## MATERIAL TO PROCESS
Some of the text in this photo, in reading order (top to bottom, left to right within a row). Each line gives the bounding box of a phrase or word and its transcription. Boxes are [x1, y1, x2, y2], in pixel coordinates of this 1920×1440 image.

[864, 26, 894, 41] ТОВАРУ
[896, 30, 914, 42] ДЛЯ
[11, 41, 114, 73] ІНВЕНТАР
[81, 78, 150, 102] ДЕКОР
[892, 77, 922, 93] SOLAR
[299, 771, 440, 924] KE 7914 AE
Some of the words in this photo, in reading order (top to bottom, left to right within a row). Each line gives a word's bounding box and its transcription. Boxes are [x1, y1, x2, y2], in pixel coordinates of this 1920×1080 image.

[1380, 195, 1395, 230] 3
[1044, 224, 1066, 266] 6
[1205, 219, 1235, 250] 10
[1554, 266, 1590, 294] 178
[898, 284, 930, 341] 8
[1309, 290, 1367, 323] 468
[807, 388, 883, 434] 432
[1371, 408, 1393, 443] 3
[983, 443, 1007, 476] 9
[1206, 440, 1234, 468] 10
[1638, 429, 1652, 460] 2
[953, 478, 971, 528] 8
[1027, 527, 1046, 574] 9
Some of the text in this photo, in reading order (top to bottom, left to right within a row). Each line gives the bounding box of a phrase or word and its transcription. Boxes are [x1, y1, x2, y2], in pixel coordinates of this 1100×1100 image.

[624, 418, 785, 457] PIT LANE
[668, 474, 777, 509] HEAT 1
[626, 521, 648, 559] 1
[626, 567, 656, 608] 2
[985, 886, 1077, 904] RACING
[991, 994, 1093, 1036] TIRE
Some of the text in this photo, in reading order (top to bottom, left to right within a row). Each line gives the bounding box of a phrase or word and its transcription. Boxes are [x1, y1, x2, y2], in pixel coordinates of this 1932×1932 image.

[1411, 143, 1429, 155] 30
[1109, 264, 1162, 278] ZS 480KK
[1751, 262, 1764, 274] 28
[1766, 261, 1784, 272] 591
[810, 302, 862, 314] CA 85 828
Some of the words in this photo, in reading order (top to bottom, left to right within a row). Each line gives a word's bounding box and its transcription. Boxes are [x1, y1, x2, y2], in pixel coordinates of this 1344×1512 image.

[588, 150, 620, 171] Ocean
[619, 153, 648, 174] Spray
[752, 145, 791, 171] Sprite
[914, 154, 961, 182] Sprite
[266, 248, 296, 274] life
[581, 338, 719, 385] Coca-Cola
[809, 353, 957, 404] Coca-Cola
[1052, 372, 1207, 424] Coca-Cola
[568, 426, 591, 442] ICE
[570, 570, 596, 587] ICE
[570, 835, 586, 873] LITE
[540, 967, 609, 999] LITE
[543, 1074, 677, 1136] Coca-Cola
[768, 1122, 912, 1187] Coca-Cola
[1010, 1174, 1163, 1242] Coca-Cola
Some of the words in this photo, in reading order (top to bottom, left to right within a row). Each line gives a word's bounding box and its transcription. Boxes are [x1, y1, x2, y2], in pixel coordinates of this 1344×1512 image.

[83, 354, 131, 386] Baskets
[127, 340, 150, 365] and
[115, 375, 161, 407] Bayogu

## DIRECTIONS
The expected output is an exact copy of all the records above.

## RESULT BELOW
Some of the text in this photo, in reading order (top to bottom, left to right within a row). Each line gives the bounding box of a phrase or word and its transcription. Boxes are [x1, y1, x2, y2], in pixel coordinates of this 1920×1440 image.

[864, 26, 894, 41] ТОВАРУ
[896, 30, 914, 42] ДЛЯ
[11, 41, 114, 73] ІНВЕНТАР
[81, 78, 150, 102] ДЕКОР
[892, 77, 922, 93] SOLAR
[299, 771, 440, 924] KE 7914 AE
Some of the words in this photo, in reading order (top to bottom, left to right within a row). Each line gives a word's bounding box and its transcription. Boxes are [x1, y1, x2, y2], in pixel coordinates of this 1920×1080 image.

[1380, 195, 1395, 230] 3
[1044, 224, 1066, 266] 6
[1205, 219, 1235, 250] 10
[1554, 266, 1590, 294] 178
[898, 284, 930, 341] 8
[1309, 290, 1367, 323] 468
[807, 388, 883, 434] 432
[1371, 408, 1393, 443] 3
[983, 443, 1007, 476] 9
[1206, 440, 1234, 468] 10
[1638, 429, 1652, 460] 2
[953, 478, 971, 528] 8
[1027, 527, 1046, 574] 9
Some of the text in this photo, in reading order (top to bottom, left to right within a row). Each line gives the bounding box of a phrase or word and its transcription. Boxes are [x1, y1, x2, y2], in pixel coordinates of this 1100×1100 image.

[624, 418, 785, 457] PIT LANE
[668, 474, 777, 509] HEAT 1
[626, 521, 648, 559] 1
[626, 567, 656, 608] 2
[985, 886, 1077, 904] RACING
[991, 994, 1093, 1036] TIRE
Some of the text in this photo, in reading order (top to bottom, left to right within a row). Each line gives the bounding box of a phrase or word and its transcription. Boxes are [x1, y1, x2, y2], in pixel coordinates of this 1932×1932 image.

[1411, 143, 1429, 155] 30
[1109, 264, 1162, 278] ZS 480KK
[1751, 262, 1764, 274] 28
[1766, 261, 1784, 272] 591
[810, 302, 862, 314] CA 85 828
Some of the words in this photo, in reading order (top to bottom, left to right within a row). Each line gives a word's bounding box and its transcription. Boxes are [x1, y1, x2, y2], in pixel coordinates of this 1344×1512 image.

[588, 150, 620, 171] Ocean
[619, 153, 648, 174] Spray
[752, 145, 791, 171] Sprite
[914, 154, 961, 182] Sprite
[266, 248, 296, 274] life
[581, 338, 719, 385] Coca-Cola
[809, 353, 957, 404] Coca-Cola
[1052, 372, 1207, 424] Coca-Cola
[568, 426, 591, 442] ICE
[570, 570, 596, 587] ICE
[570, 835, 586, 873] LITE
[540, 967, 609, 999] LITE
[543, 1074, 677, 1136] Coca-Cola
[768, 1122, 912, 1187] Coca-Cola
[1010, 1174, 1163, 1242] Coca-Cola
Some of the words in this photo, in reading order (top to bottom, left to right within a row). Each line gives a word's bounding box and its transcription. Boxes are [x1, y1, x2, y2], in pixel coordinates of this 1344×1512 image.

[83, 354, 131, 386] Baskets
[127, 340, 150, 365] and
[115, 375, 161, 407] Bayogu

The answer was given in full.